The decision to start — or not start — a family is huge. In fact, it is one of the biggest decision couples face. So what happens when you want children but your partner is dealing with infertility? Turns out, not much.
According to a new study, infertility is not a relationship deal breaker — though many men and women believe it to be.
The report, compiled by BodyLogicMD, found that 50 percent of women and 48 percent of men feared their significant other would be disappointed if they learned they couldn’t have children. This was particularly true of early-stage relationships, when they worried their new love interest would leave them. Thankfully, the opposite was true: Fewer than one in five women said infertility would dissuade them from a relationship, and men were even less likely to feel that way.
According to the report, the reasoning for this could have something to do with recent medical advances. There are now many ways to treat infertility, including intrauterine insemination, in vitro fertilization (IVF), fertility drugs, surrogacy and/or surgery. But another aspect at play here is anxiety.
As the study clearly shows, most of the aforementioned fears were irrational and not fact-based.
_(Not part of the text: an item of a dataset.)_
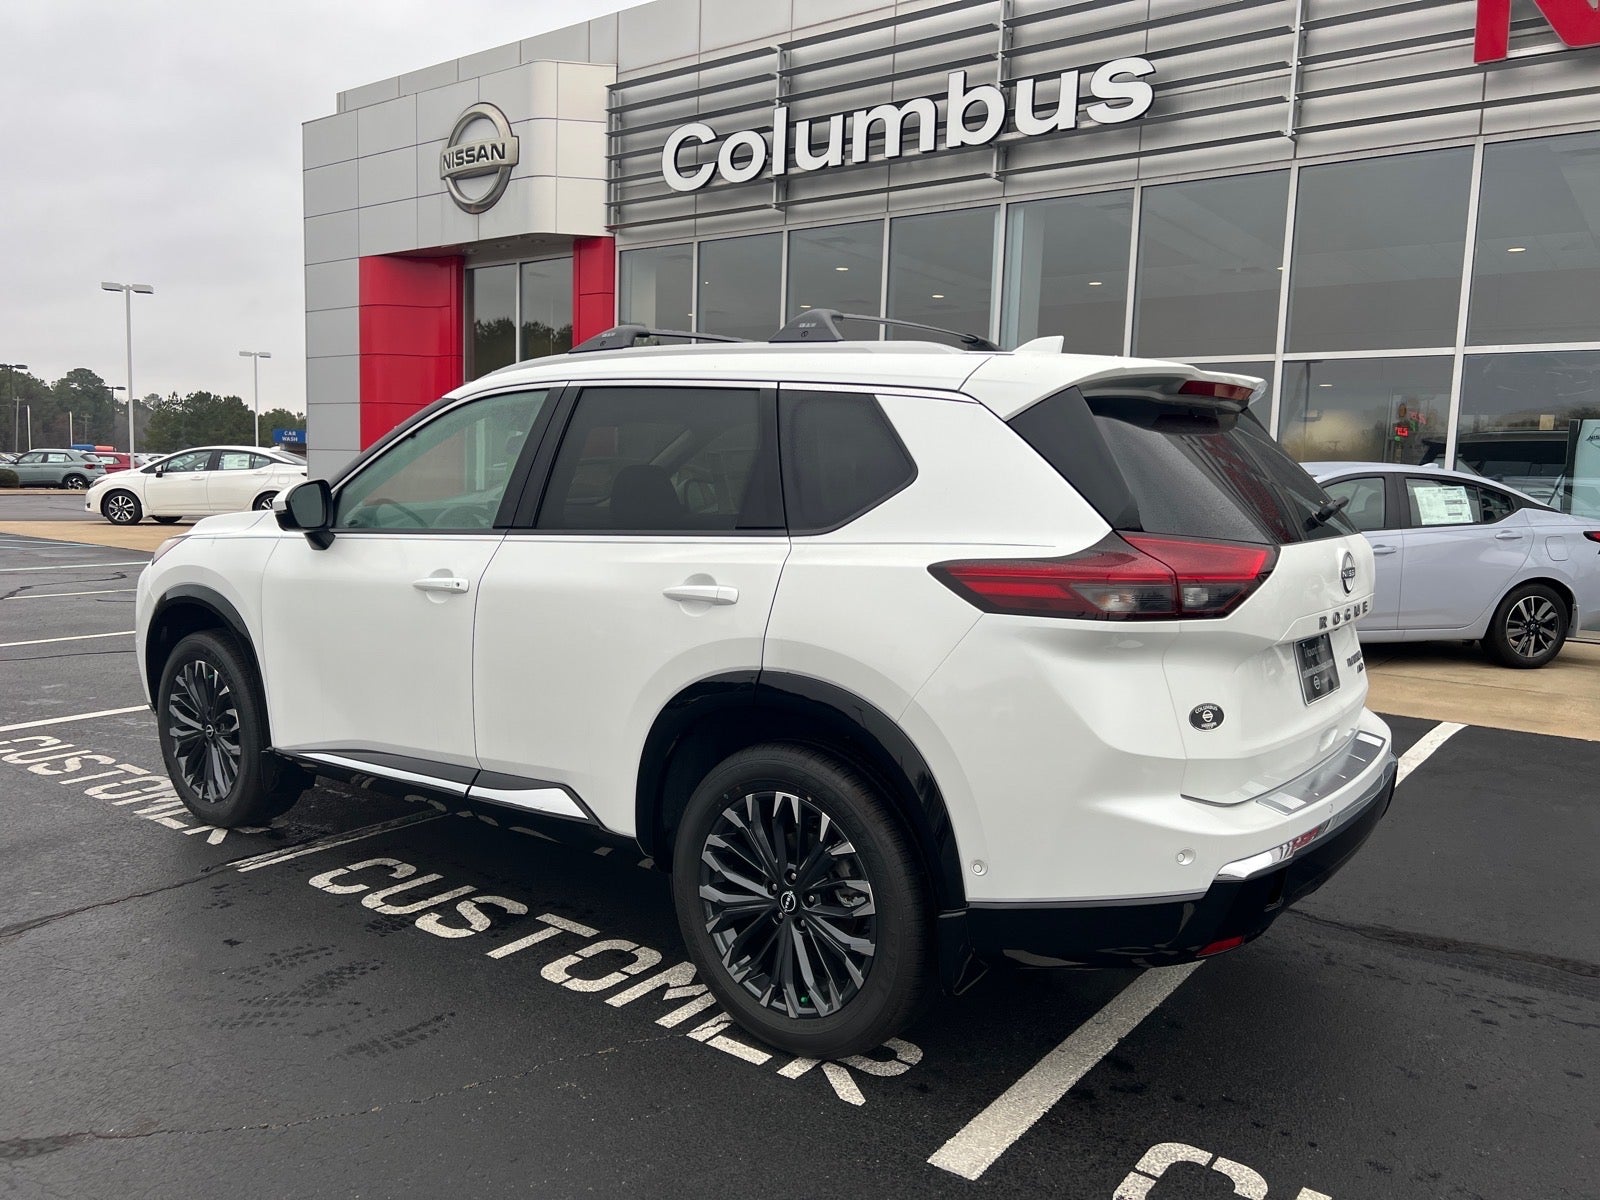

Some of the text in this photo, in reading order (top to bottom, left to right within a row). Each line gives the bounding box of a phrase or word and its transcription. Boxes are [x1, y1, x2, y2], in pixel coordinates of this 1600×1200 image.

The report also found there was a slew of misinformation out there surrounding conception and pregnancy: 33 percent of respondents believe men need to orgasm conceive, 25 percent believe birth control can cause infertility and 21 percent believe excessive masturbation reduces a man’s sperm count.
All of these statements are false.
So what should prospective parents do? They should talk to their doctor, talk to each other and brush up on the facts, as these three things can alleviate many fears.